[DATA FOR PROCESSING]

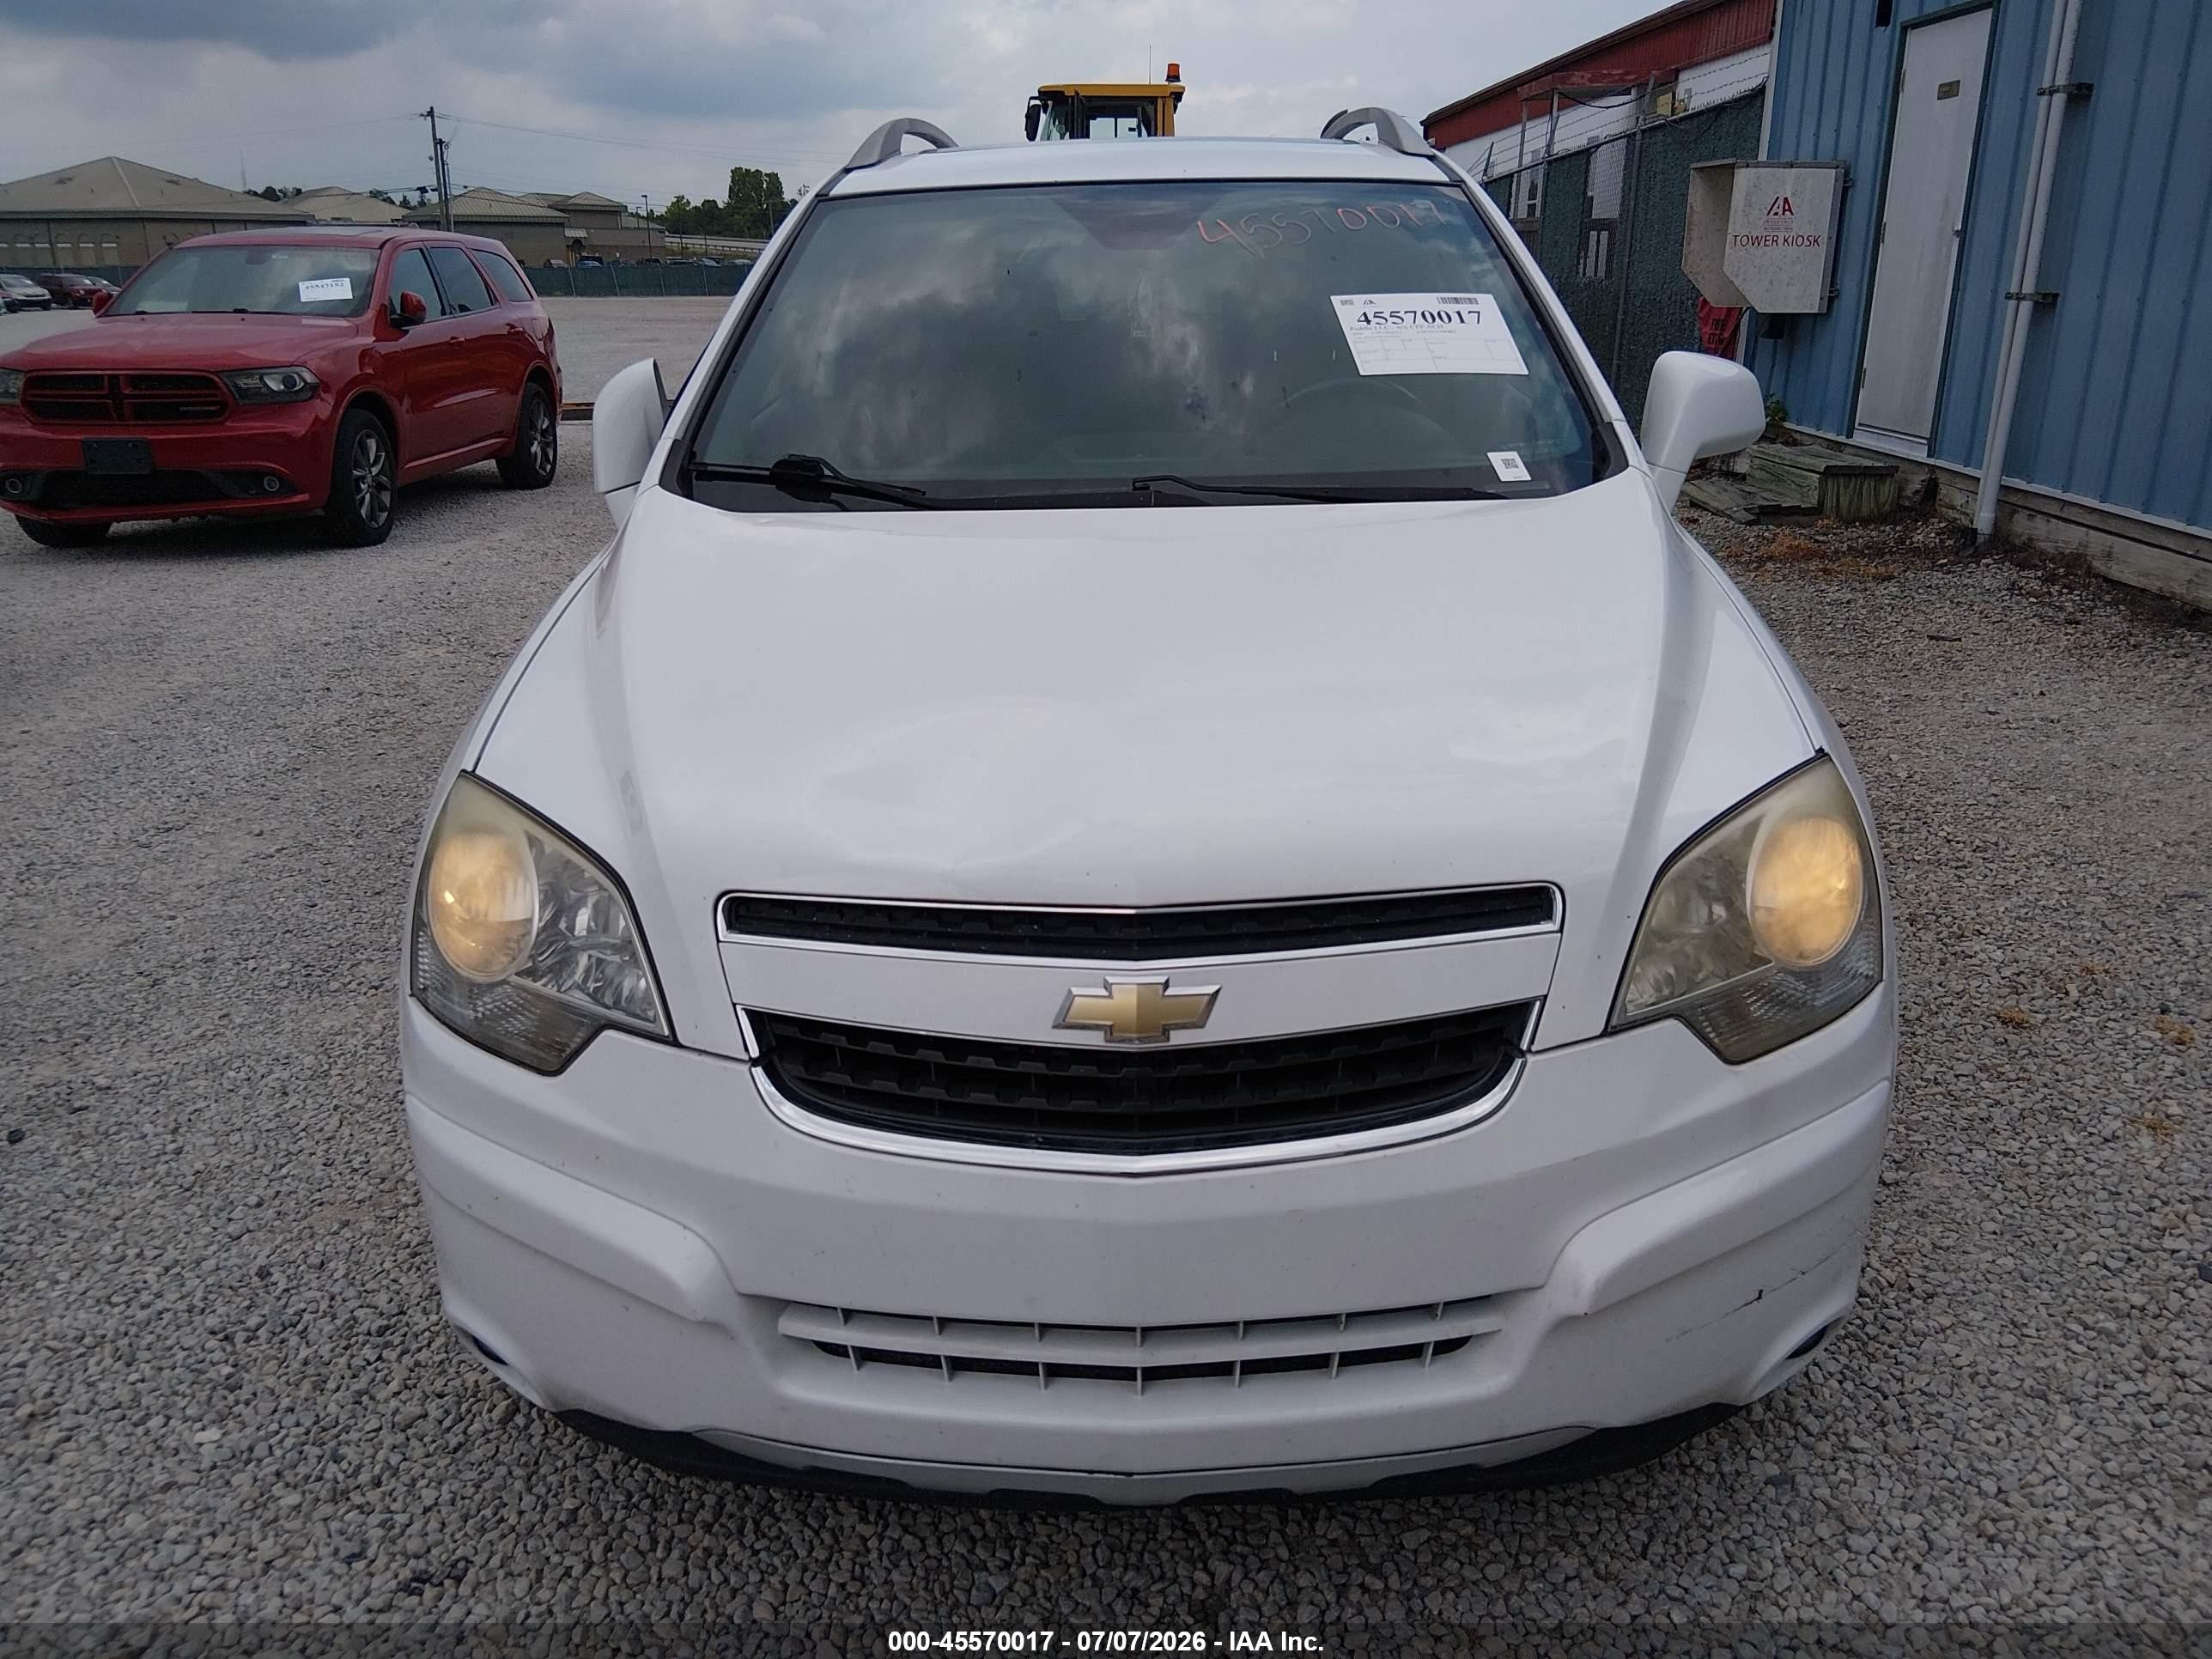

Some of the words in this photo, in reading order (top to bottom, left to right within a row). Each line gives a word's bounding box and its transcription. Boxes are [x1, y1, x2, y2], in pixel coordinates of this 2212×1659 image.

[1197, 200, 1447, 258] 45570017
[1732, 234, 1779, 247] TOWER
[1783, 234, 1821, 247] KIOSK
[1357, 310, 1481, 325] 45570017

[/DATA FOR PROCESSING]

### [TASK STATEMENT]
In your copy, the listing above should appear word for word, with no images.

### [PROBLEM SOLUTION]
Some of the words in this photo, in reading order (top to bottom, left to right within a row). Each line gives a word's bounding box and its transcription. Boxes are [x1, y1, x2, y2], in pixel coordinates of this 2212×1659 image.

[1197, 200, 1447, 258] 45570017
[1732, 234, 1779, 247] TOWER
[1783, 234, 1821, 247] KIOSK
[1357, 310, 1481, 325] 45570017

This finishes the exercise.